• [Work instruction] Copy the data exactly, pictures aside.

Records contained in a dataset:
● ● ●

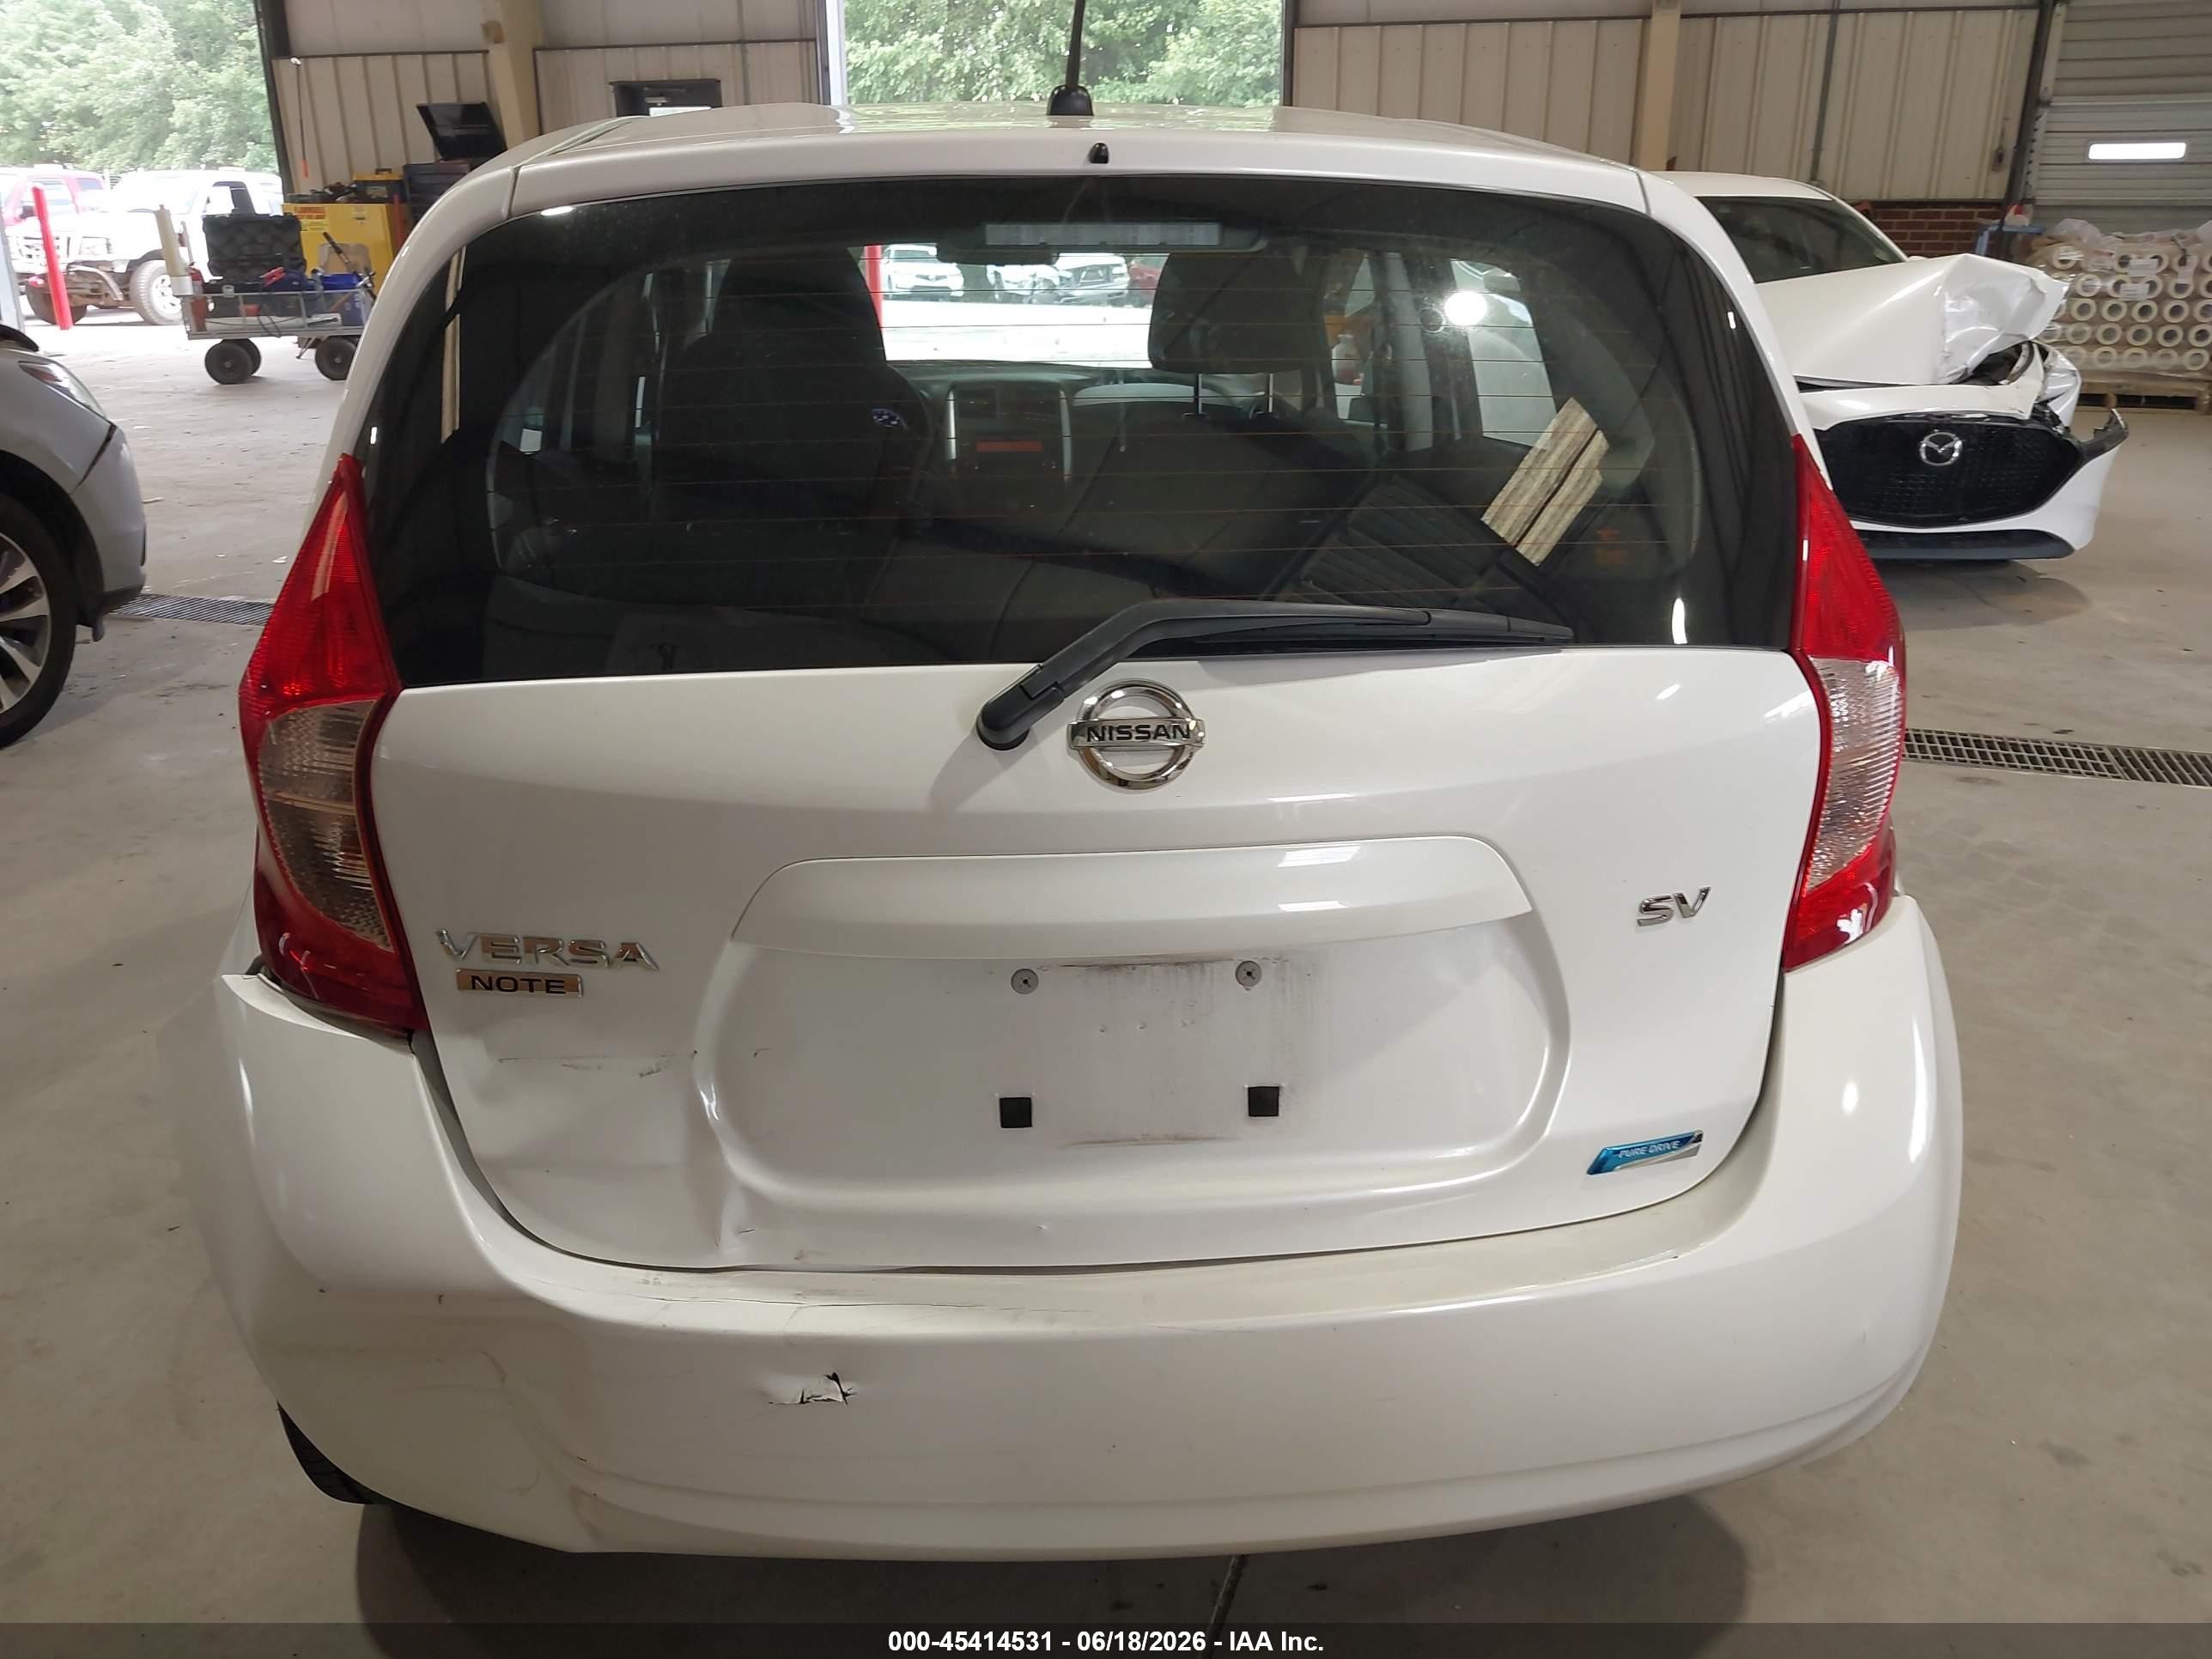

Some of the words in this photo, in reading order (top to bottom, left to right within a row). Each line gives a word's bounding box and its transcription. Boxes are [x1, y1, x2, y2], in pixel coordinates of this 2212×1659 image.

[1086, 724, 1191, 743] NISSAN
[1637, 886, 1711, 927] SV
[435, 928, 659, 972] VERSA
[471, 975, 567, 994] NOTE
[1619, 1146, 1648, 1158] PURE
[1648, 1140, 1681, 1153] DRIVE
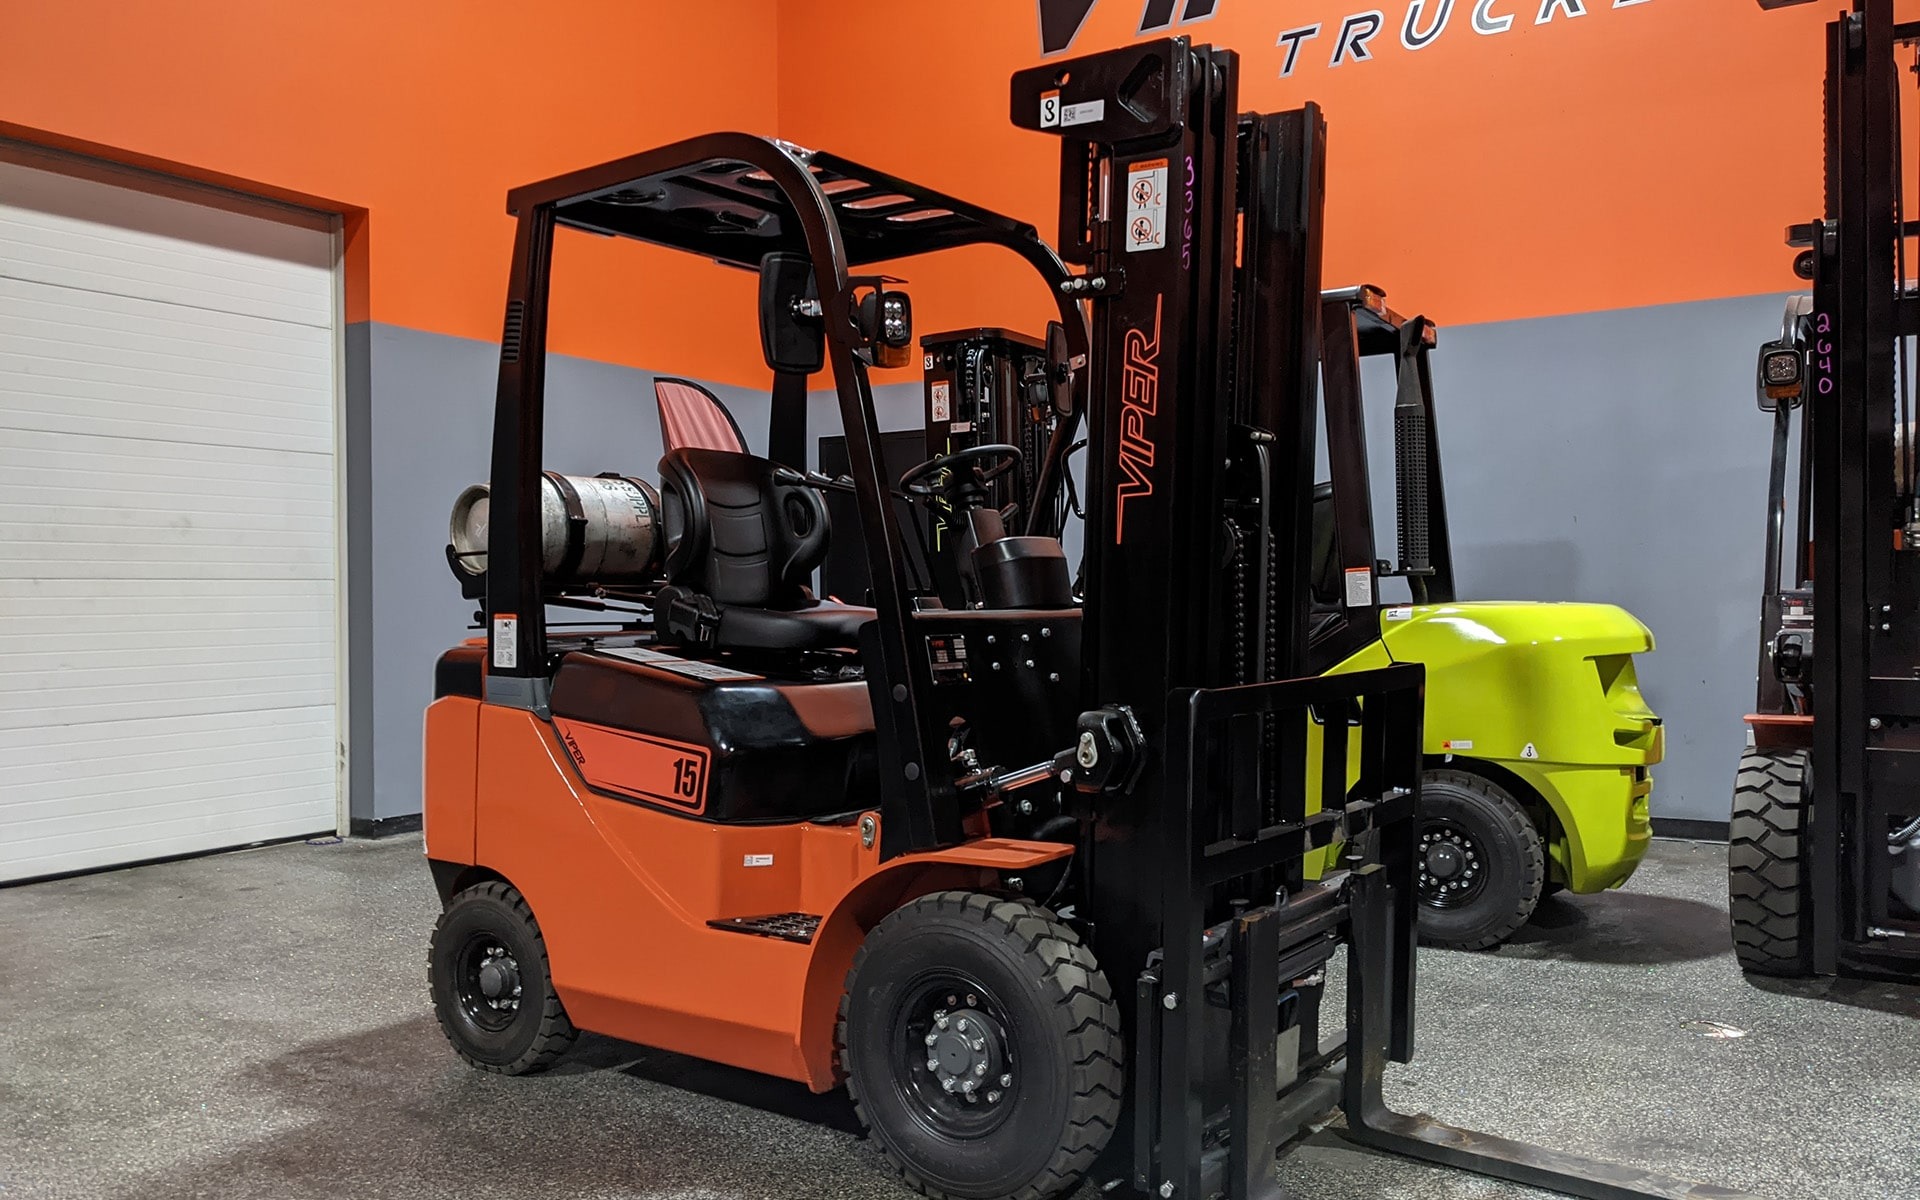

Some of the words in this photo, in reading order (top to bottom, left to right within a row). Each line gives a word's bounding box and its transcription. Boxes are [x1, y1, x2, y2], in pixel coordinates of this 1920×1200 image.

● ● ●

• [Answer below]
Some of the words in this photo, in reading order (top to bottom, left to right within a row). Each line gives a word's bounding box and its transcription. Boxes are [x1, y1, x2, y2], in pixel coordinates of this 2212×1659 image.

[1086, 724, 1191, 743] NISSAN
[1637, 886, 1711, 927] SV
[435, 928, 659, 972] VERSA
[471, 975, 567, 994] NOTE
[1619, 1146, 1648, 1158] PURE
[1648, 1140, 1681, 1153] DRIVE

Some of the words in this photo, in reading order (top to bottom, left to right within a row). Each line gives a word's bounding box and its transcription. Boxes are [x1, y1, x2, y2], in pixel coordinates of this 1920×1200 image.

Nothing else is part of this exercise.